### WORK ITEM
Output all of the data below without changing a word, and exclude the pictures.
(Beginning of DATA)
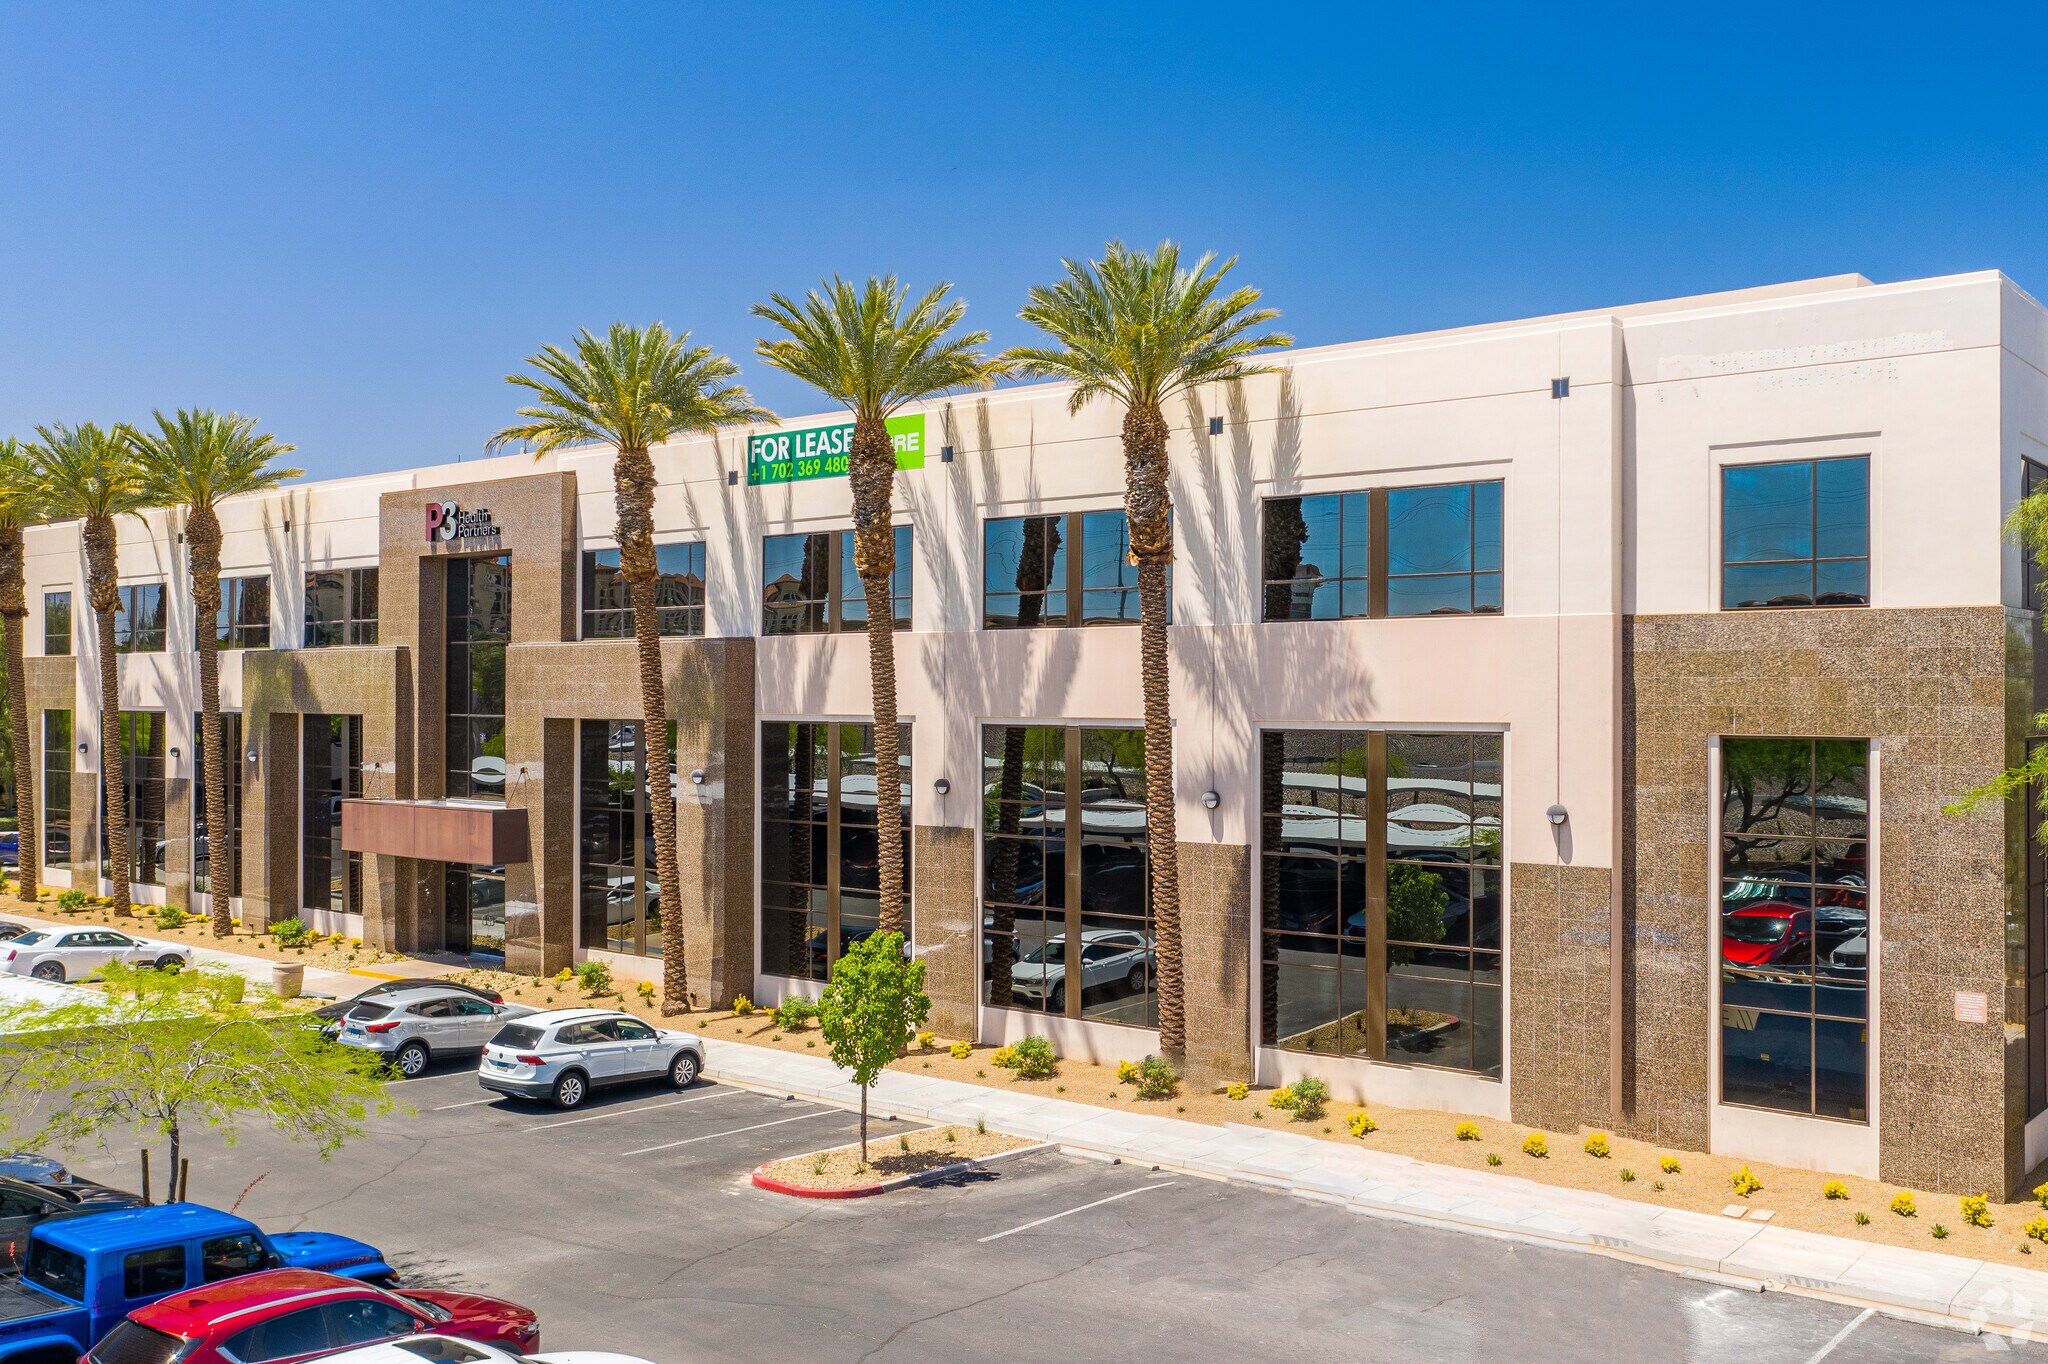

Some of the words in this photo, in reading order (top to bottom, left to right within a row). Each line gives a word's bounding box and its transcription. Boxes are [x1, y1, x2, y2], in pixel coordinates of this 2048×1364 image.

[751, 436, 790, 463] FOR
[795, 428, 854, 458] LEASE
[751, 465, 766, 480] +1
[771, 462, 794, 480] 702
[797, 459, 821, 477] 369
[426, 500, 458, 542] P3
[458, 508, 488, 524] Health
[458, 524, 497, 537] Partners
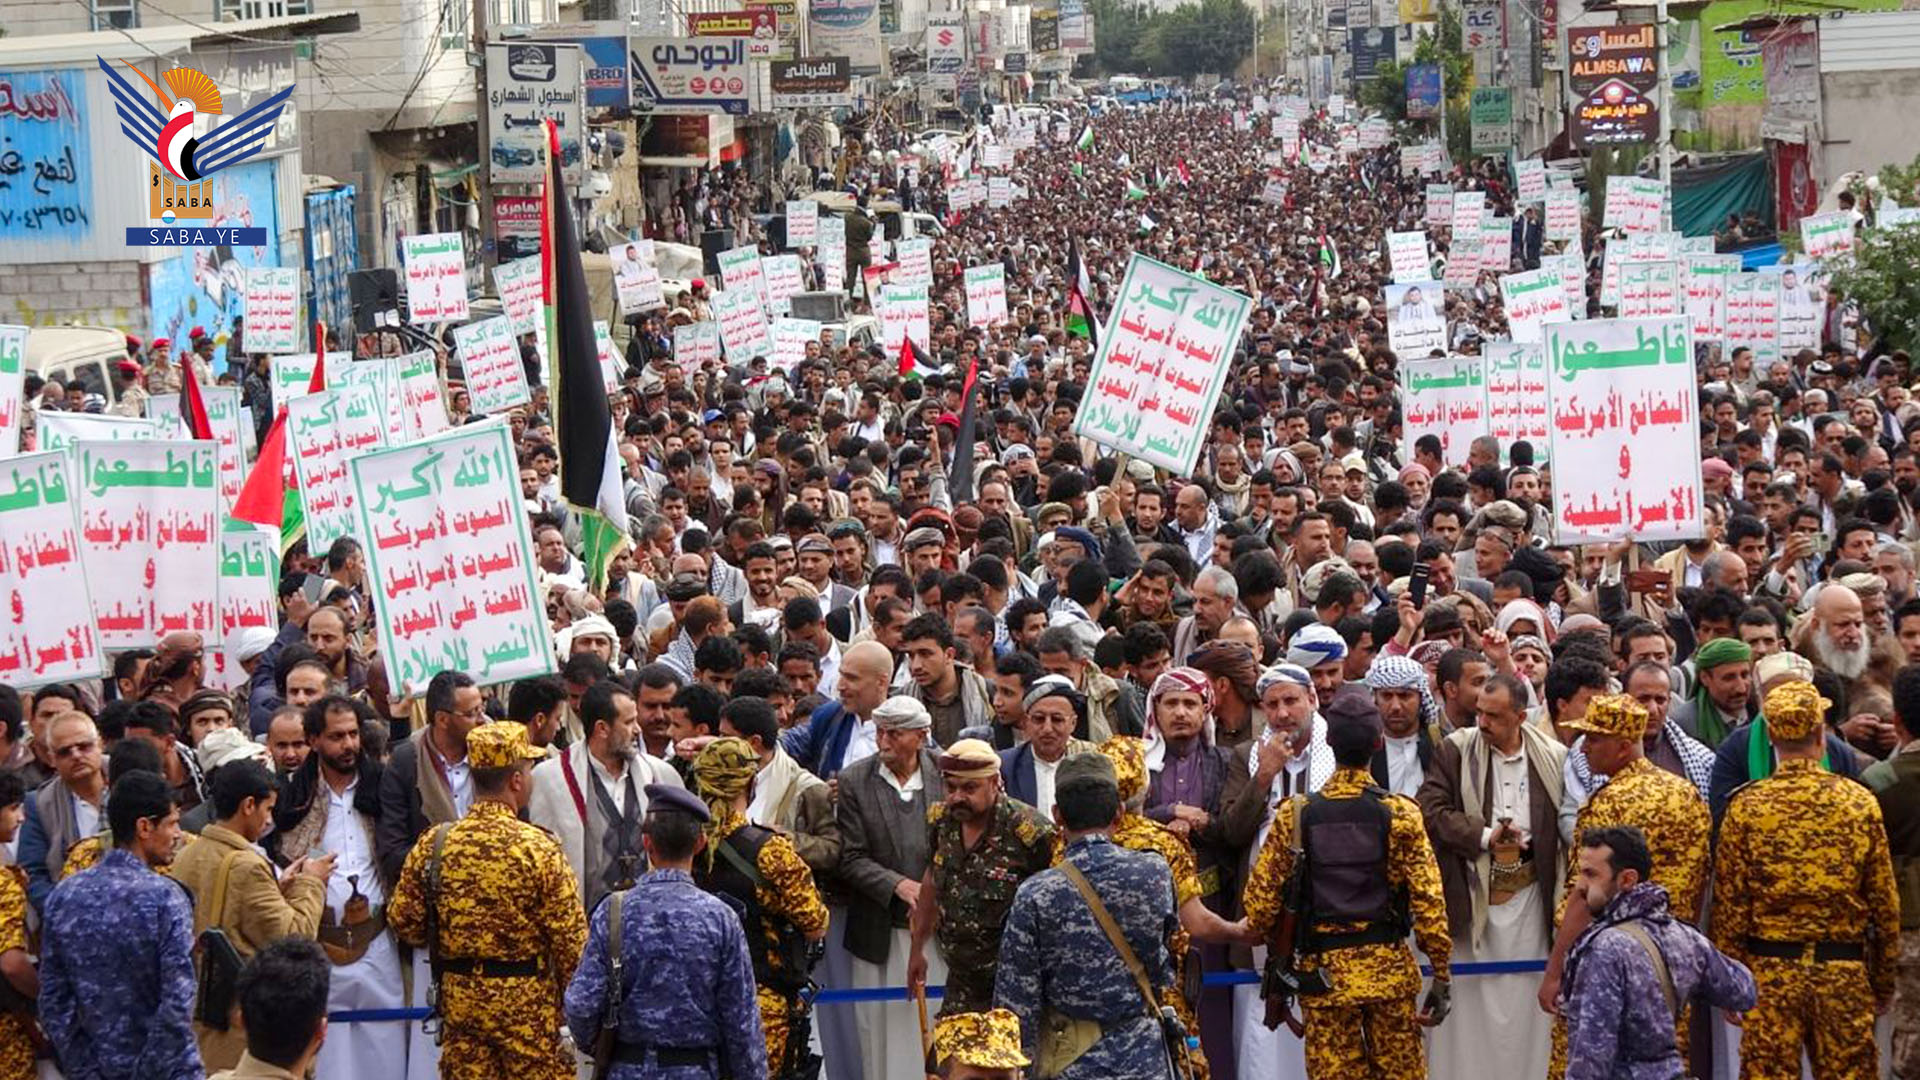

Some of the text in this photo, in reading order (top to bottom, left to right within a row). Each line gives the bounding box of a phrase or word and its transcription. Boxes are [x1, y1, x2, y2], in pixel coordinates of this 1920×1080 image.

[653, 40, 743, 72] الجوحي
[1573, 57, 1655, 75] ALMSAWA
[1130, 280, 1235, 334] الله أكبر
[1120, 308, 1221, 366] الموت لأمريكا
[1552, 323, 1687, 382] قاطعوا
[1097, 375, 1200, 428] اللعنة على اليهود
[1165, 365, 1210, 397] الموت
[1406, 361, 1482, 396] قاطعوا
[296, 393, 375, 436] الله أكبر
[1449, 400, 1484, 426] البضائع
[1554, 384, 1690, 438] البضائع الأمريكية
[1139, 428, 1190, 460] النصر
[1618, 444, 1631, 479] و
[0, 461, 67, 512] قاط
[82, 449, 214, 498] قاطعوا
[369, 445, 503, 517] الله أكبر
[83, 502, 214, 551] البضائع الأمريكية
[374, 497, 512, 550] الموت لأمريكا
[1563, 486, 1694, 536] الإسرائيلية
[16, 527, 78, 579] البضائع
[143, 557, 156, 589] و
[221, 541, 265, 577] قاط
[385, 541, 521, 600] الموت لإسرائيل
[11, 589, 24, 626] و
[392, 583, 529, 640] اللعنة على اليهود
[480, 622, 538, 677] النصر
(End of DATA)
### ANSWER SECTION
Some of the words in this photo, in reading order (top to bottom, left to right within a row). Each line gives a word's bounding box and its transcription. Boxes are [x1, y1, x2, y2], in pixel coordinates of this 2048×1364 image.

[751, 436, 790, 463] FOR
[795, 428, 854, 458] LEASE
[751, 465, 766, 480] +1
[771, 462, 794, 480] 702
[797, 459, 821, 477] 369
[426, 500, 458, 542] P3
[458, 508, 488, 524] Health
[458, 524, 497, 537] Partners

Some of the text in this photo, in reading order (top to bottom, left to right within a row). Each line gives the bounding box of a phrase or word and its transcription. Boxes are [x1, y1, x2, y2], in pixel coordinates of this 1920×1080 image.

[653, 40, 743, 72] الجوحي
[1573, 57, 1655, 75] ALMSAWA
[1130, 280, 1235, 334] الله أكبر
[1120, 308, 1221, 366] الموت لأمريكا
[1552, 323, 1687, 382] قاطعوا
[1097, 375, 1200, 428] اللعنة على اليهود
[1165, 365, 1210, 397] الموت
[1406, 361, 1482, 396] قاطعوا
[296, 393, 375, 436] الله أكبر
[1449, 400, 1484, 426] البضائع
[1554, 384, 1690, 438] البضائع الأمريكية
[1139, 428, 1190, 460] النصر
[1618, 444, 1631, 479] و
[0, 461, 67, 512] قاط
[82, 449, 214, 498] قاطعوا
[369, 445, 503, 517] الله أكبر
[83, 502, 214, 551] البضائع الأمريكية
[374, 497, 512, 550] الموت لأمريكا
[1563, 486, 1694, 536] الإسرائيلية
[16, 527, 78, 579] البضائع
[143, 557, 156, 589] و
[221, 541, 265, 577] قاط
[385, 541, 521, 600] الموت لإسرائيل
[11, 589, 24, 626] و
[392, 583, 529, 640] اللعنة على اليهود
[480, 622, 538, 677] النصر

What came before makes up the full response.